- **PROBLEM DETAILS**
Every line below is to be given again precisely; images are to be left out.

- **Stored items from a collection**

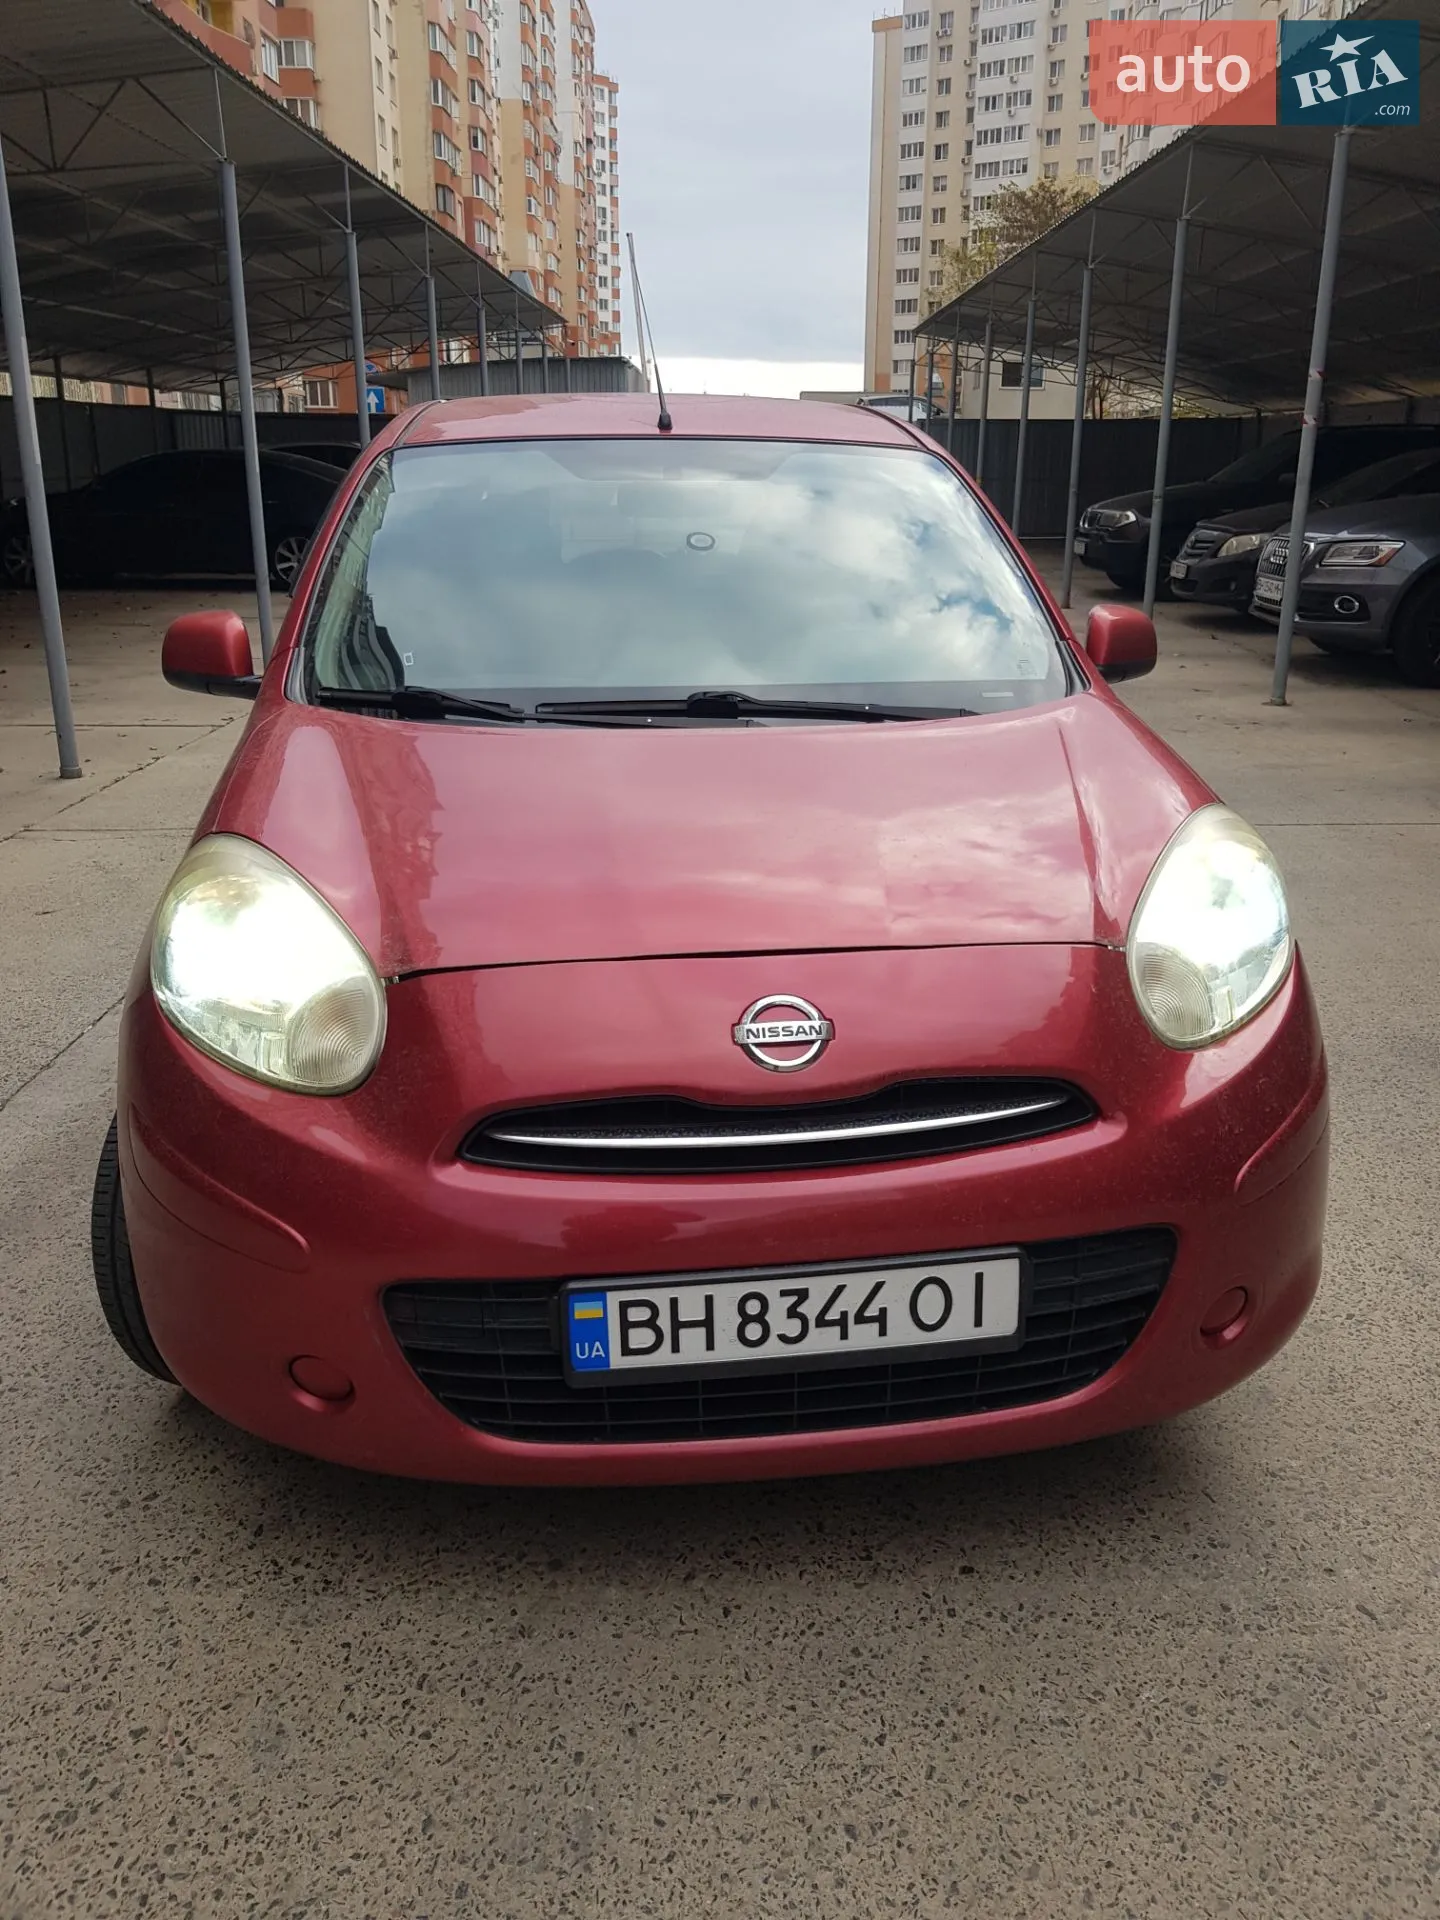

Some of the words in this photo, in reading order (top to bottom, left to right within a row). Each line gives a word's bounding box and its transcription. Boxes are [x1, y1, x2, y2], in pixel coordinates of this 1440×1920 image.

[745, 1025, 823, 1040] NISSAN
[618, 1293, 716, 1357] BH
[736, 1280, 888, 1348] 8344
[909, 1271, 985, 1333] OI
[575, 1341, 606, 1360] UA

- **REPLY TO THE TASK**
Some of the words in this photo, in reading order (top to bottom, left to right within a row). Each line gives a word's bounding box and its transcription. Boxes are [x1, y1, x2, y2], in pixel coordinates of this 1440×1920 image.

[745, 1025, 823, 1040] NISSAN
[618, 1293, 716, 1357] BH
[736, 1280, 888, 1348] 8344
[909, 1271, 985, 1333] OI
[575, 1341, 606, 1360] UA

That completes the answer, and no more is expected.